**What you should do**
Please reproduce all entries word for word, leaving every image behind.

(Exercise data)

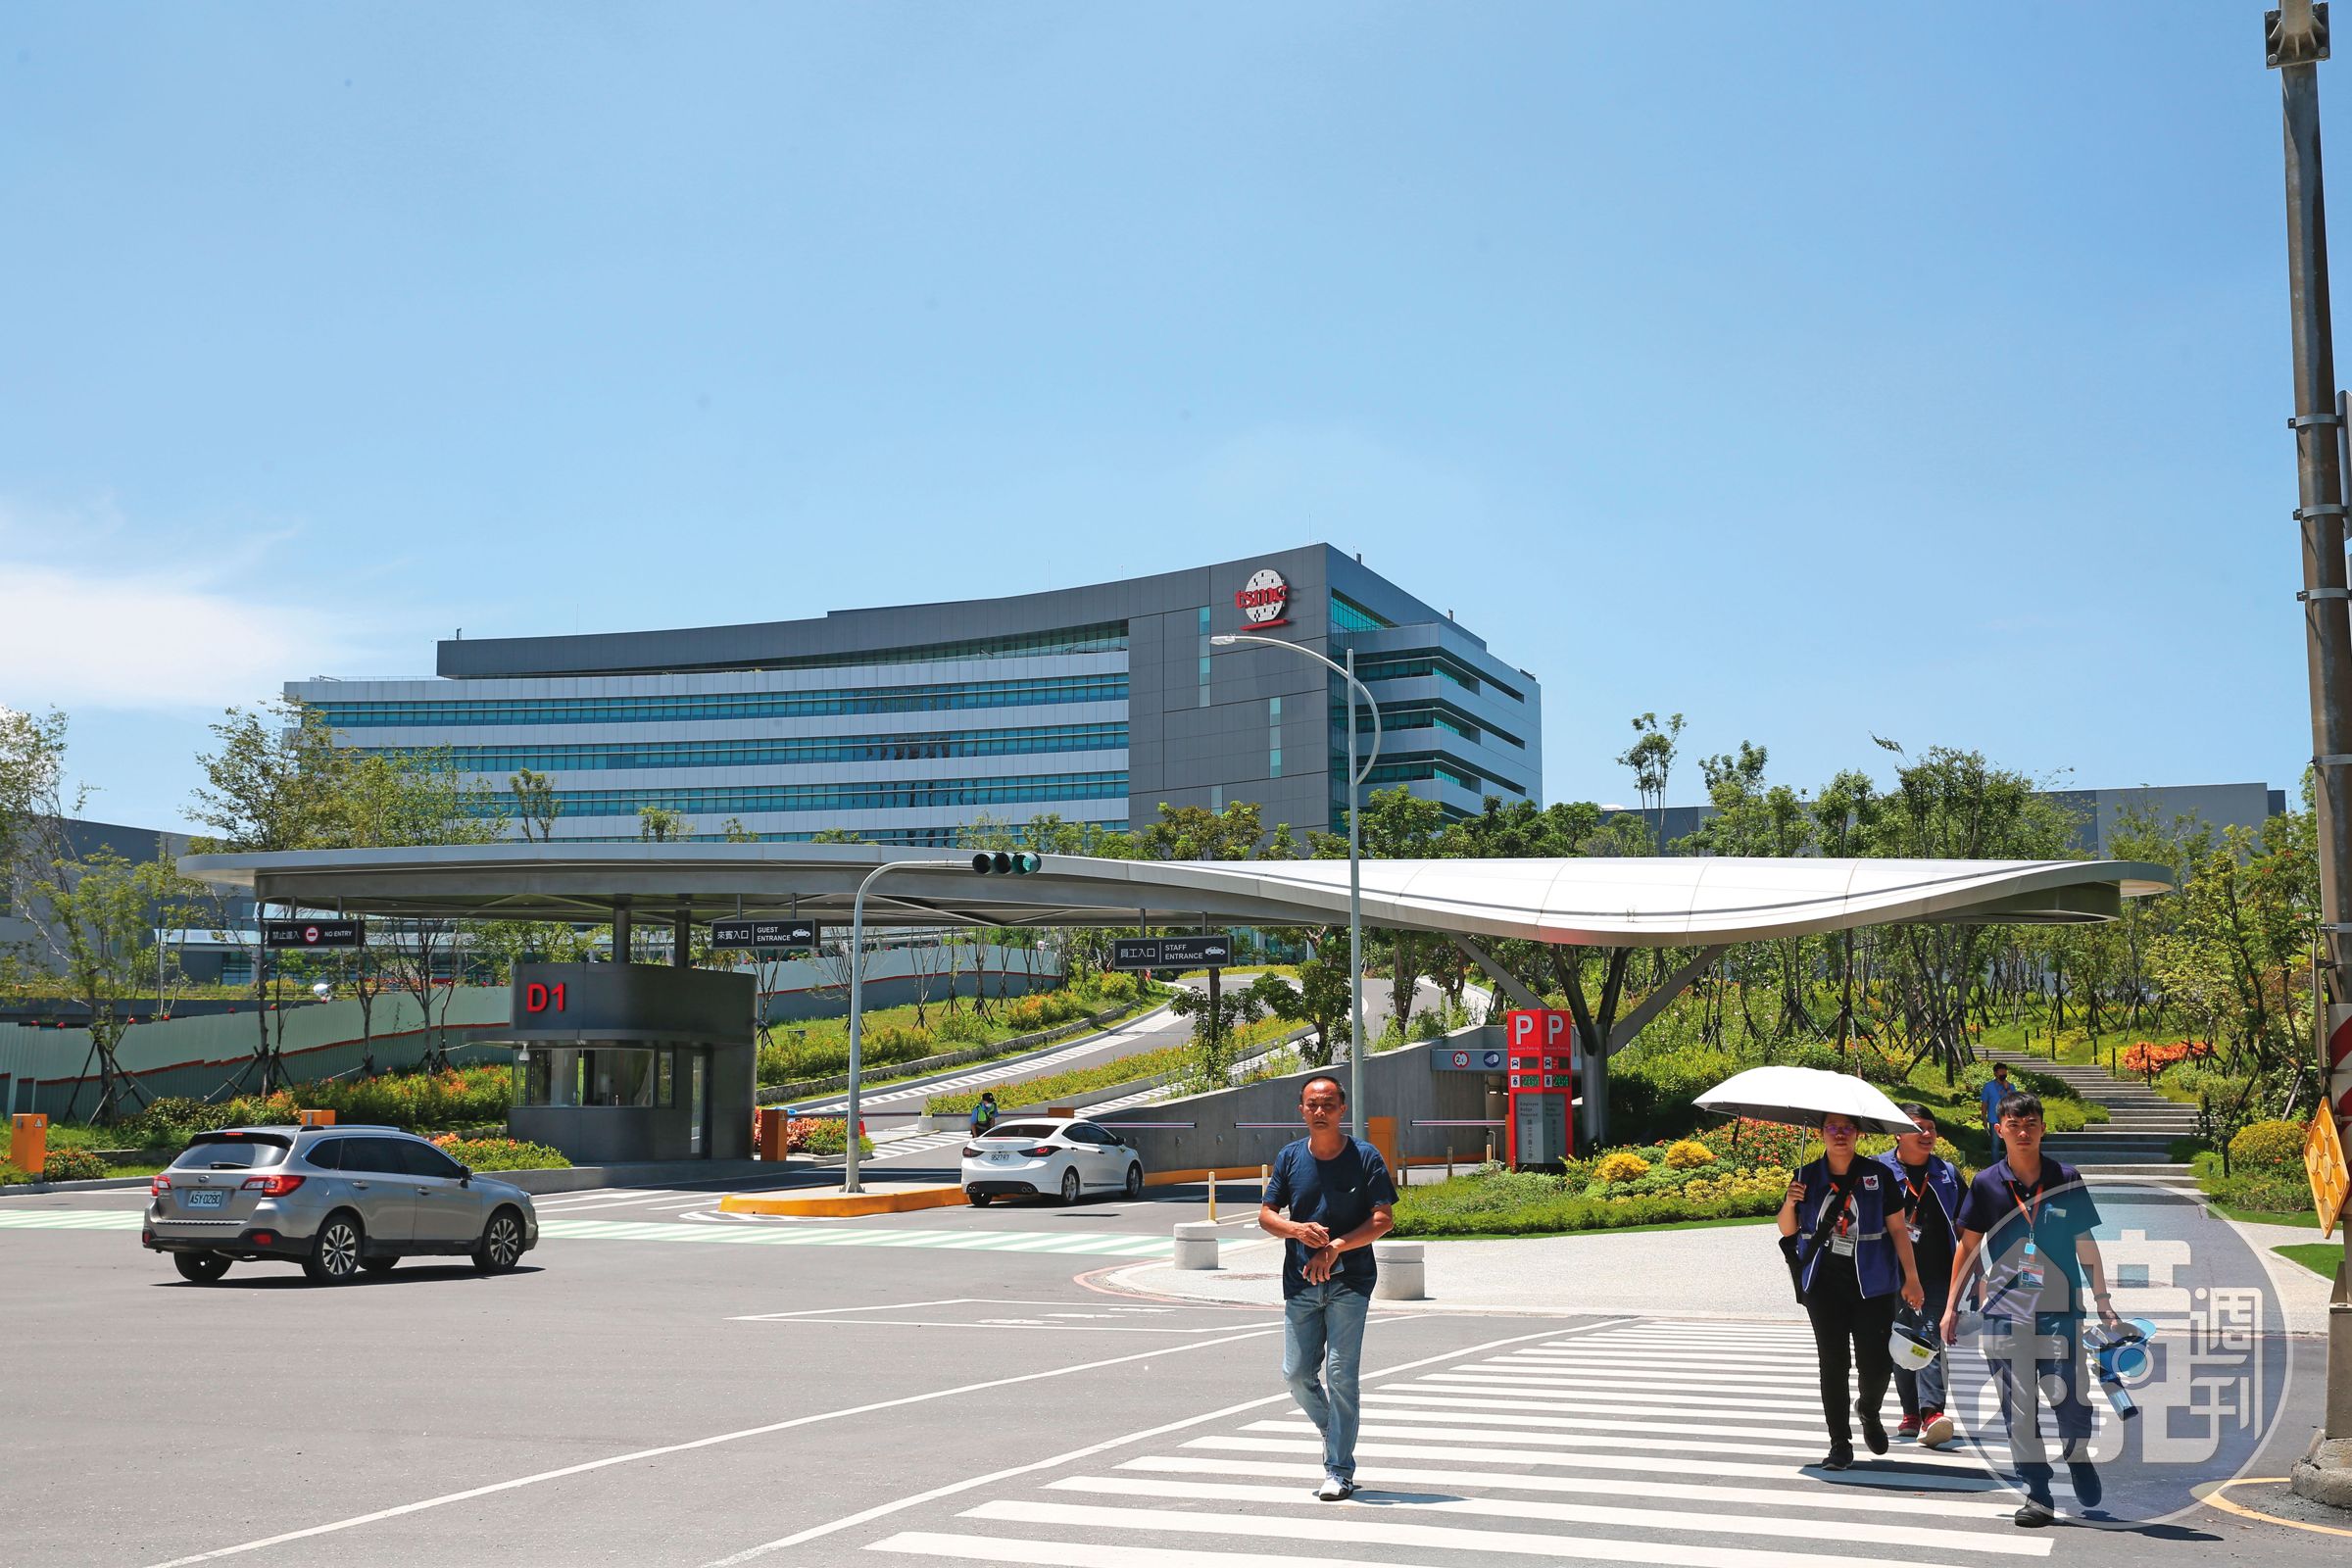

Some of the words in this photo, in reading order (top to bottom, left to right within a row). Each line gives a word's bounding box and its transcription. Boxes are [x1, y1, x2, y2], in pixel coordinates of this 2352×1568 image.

[1235, 585, 1288, 609] tsmc
[716, 930, 750, 940] 來賓入口
[1120, 948, 1155, 958] 員工入口
[1164, 952, 1203, 960] ENTRANCE
[526, 982, 565, 1012] D1
[1515, 1014, 1534, 1045] P
[1547, 1014, 1564, 1045] P

(End Exercise data)

**Solution for this exercise**
Some of the words in this photo, in reading order (top to bottom, left to right within a row). Each line gives a word's bounding box and its transcription. Boxes are [x1, y1, x2, y2], in pixel coordinates of this 2352×1568 image.

[1235, 585, 1288, 609] tsmc
[716, 930, 750, 940] 來賓入口
[1120, 948, 1155, 958] 員工入口
[1164, 952, 1203, 960] ENTRANCE
[526, 982, 565, 1012] D1
[1515, 1014, 1534, 1045] P
[1547, 1014, 1564, 1045] P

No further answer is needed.